### Description of the task
The result should be a full, exact repeat of the entries, free of pictures.
|---|
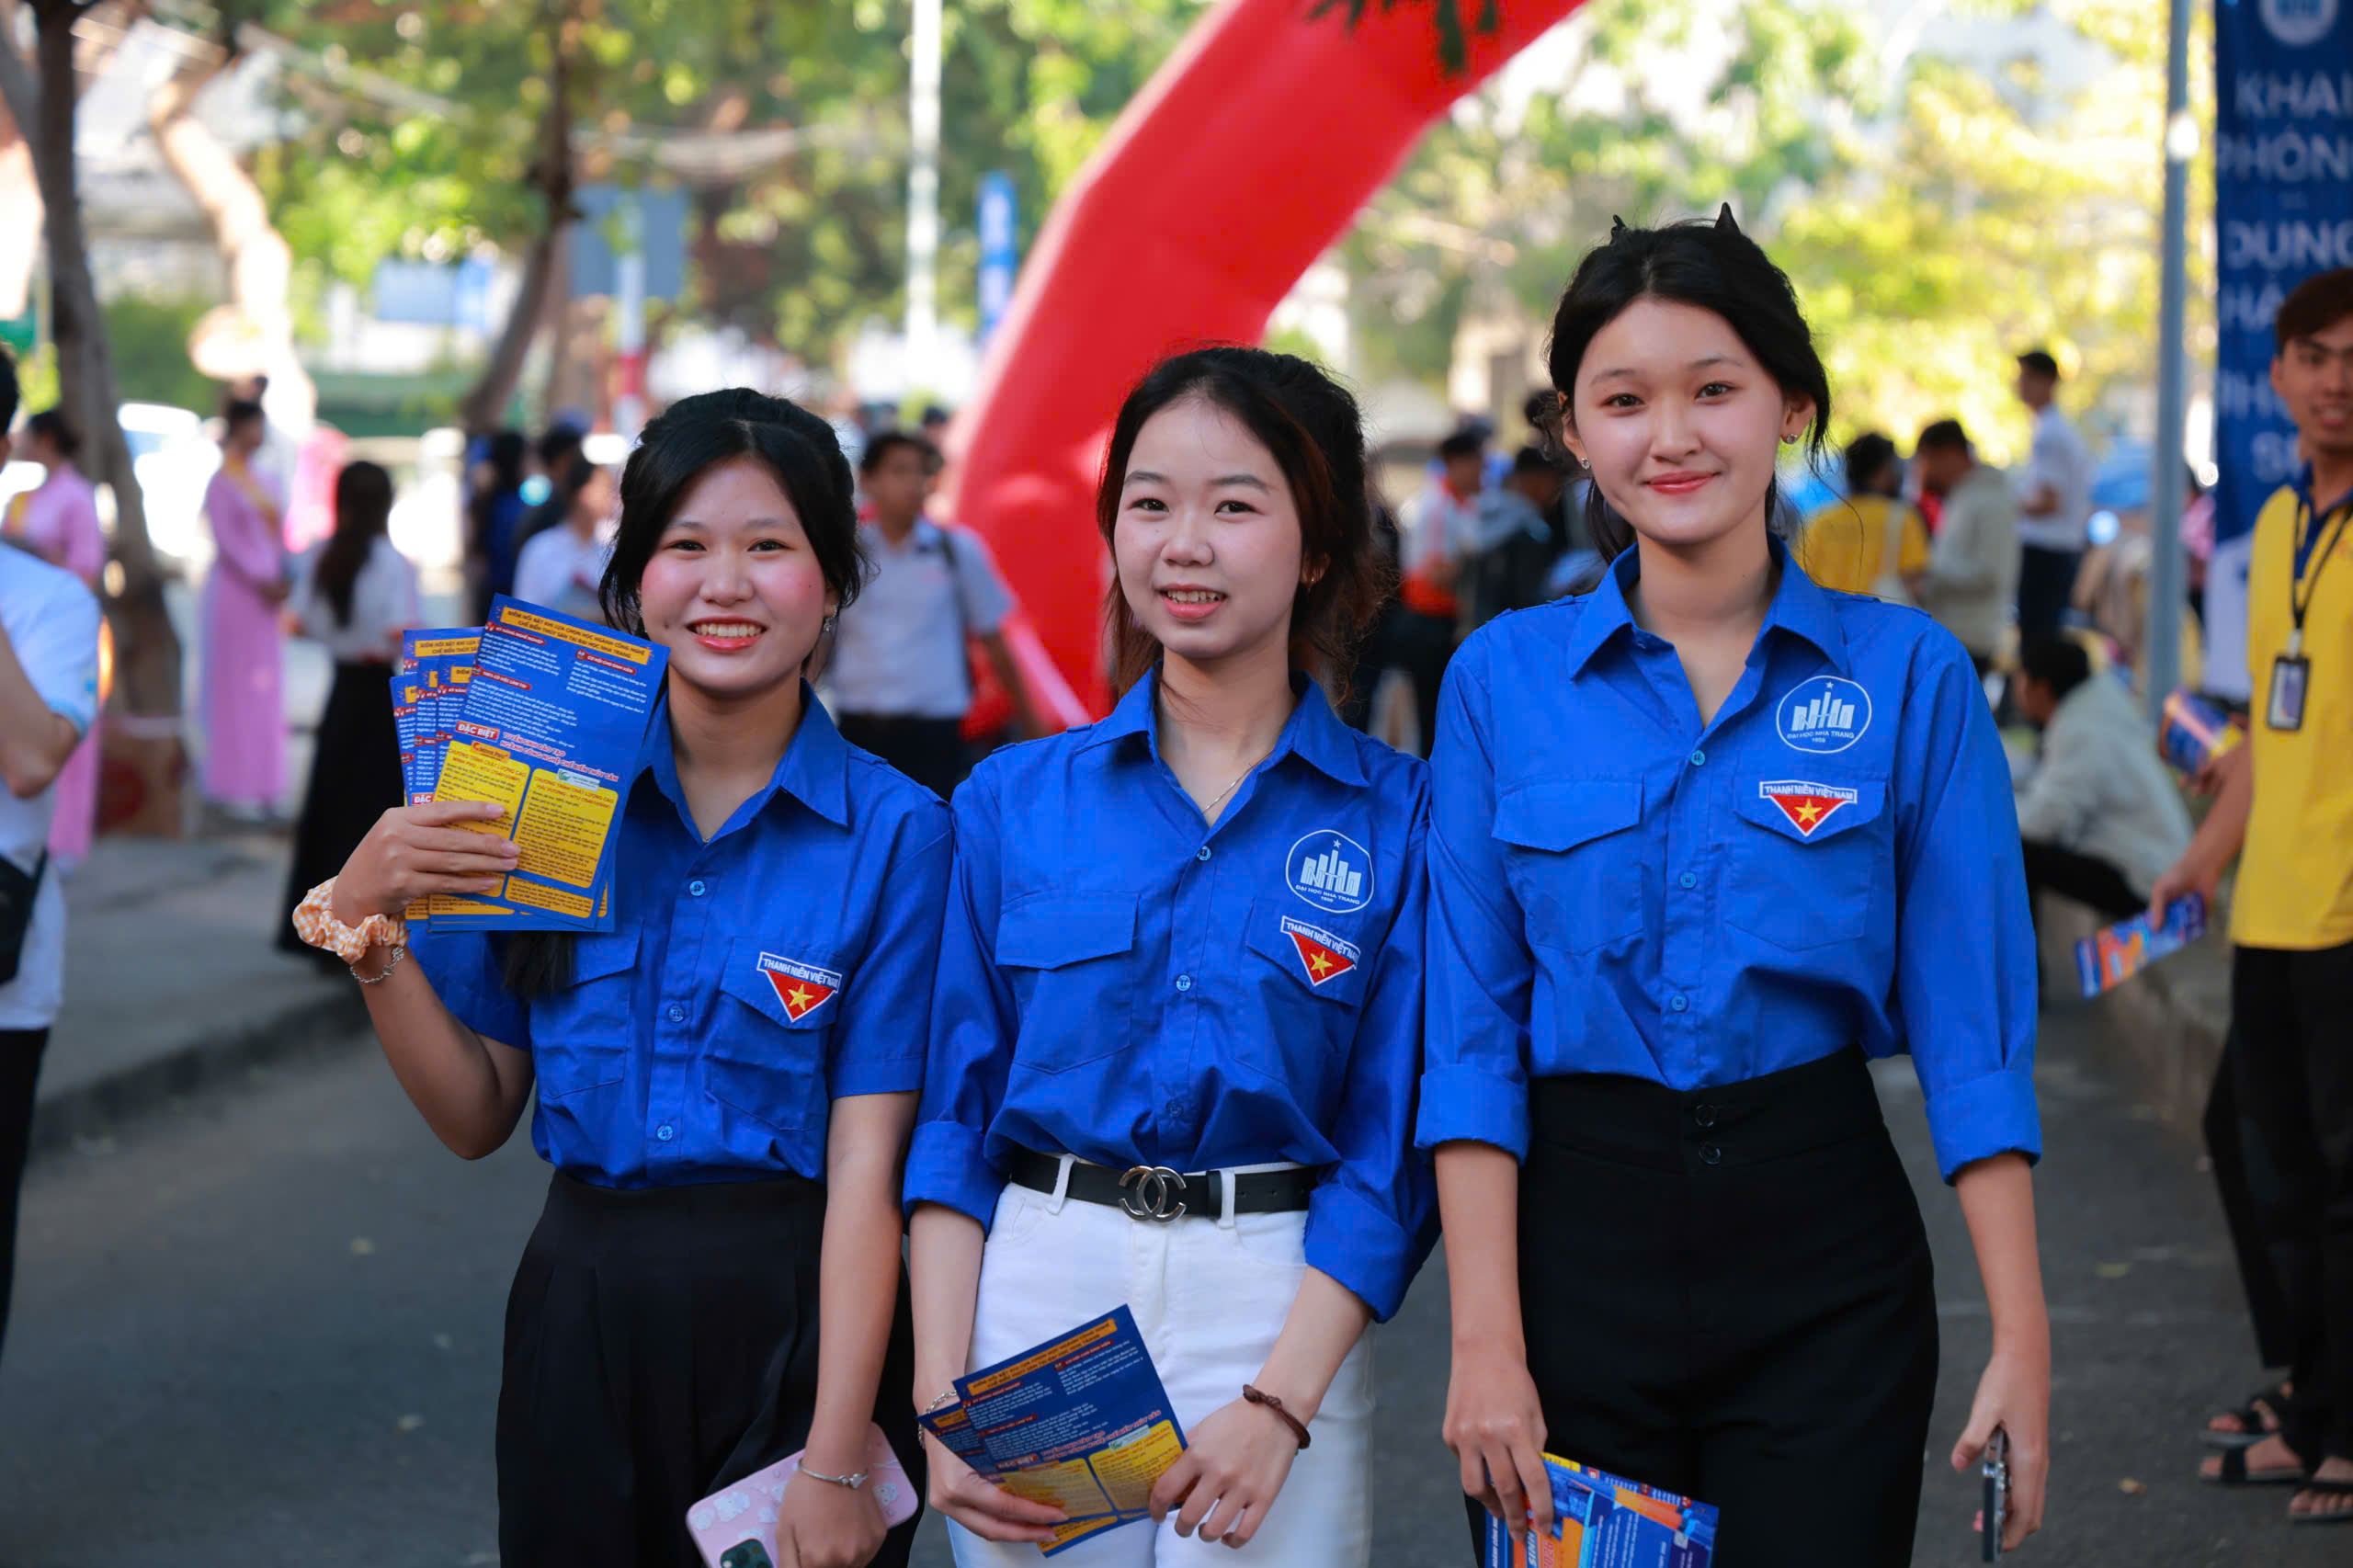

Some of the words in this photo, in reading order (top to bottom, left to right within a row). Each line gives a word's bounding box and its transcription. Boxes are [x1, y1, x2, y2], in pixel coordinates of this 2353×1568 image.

[458, 723, 477, 734] ĐẶC
[1831, 730, 1855, 739] TRANG
[1765, 786, 1794, 795] THANH
[1794, 784, 1814, 796] NIÊN
[1814, 787, 1835, 799] VIỆT
[1835, 791, 1854, 800] NAM
[1338, 894, 1360, 905] TRANG
[1287, 922, 1314, 938] THANH
[1313, 931, 1332, 948] NIÊN
[1332, 939, 1349, 955] VIỆT
[762, 958, 790, 973] THANH
[790, 966, 810, 980] NIÊN
[810, 971, 828, 984] VIỆT
|---|
### Solution to the exercise
Some of the words in this photo, in reading order (top to bottom, left to right within a row). Each line gives a word's bounding box and its transcription. Boxes are [x1, y1, x2, y2], in pixel coordinates of this 2353×1568 image.

[458, 723, 477, 734] ĐẶC
[1831, 730, 1855, 739] TRANG
[1765, 786, 1794, 795] THANH
[1794, 784, 1814, 796] NIÊN
[1814, 787, 1835, 799] VIỆT
[1835, 791, 1854, 800] NAM
[1338, 894, 1360, 905] TRANG
[1287, 922, 1314, 938] THANH
[1313, 931, 1332, 948] NIÊN
[1332, 939, 1349, 955] VIỆT
[762, 958, 790, 973] THANH
[790, 966, 810, 980] NIÊN
[810, 971, 828, 984] VIỆT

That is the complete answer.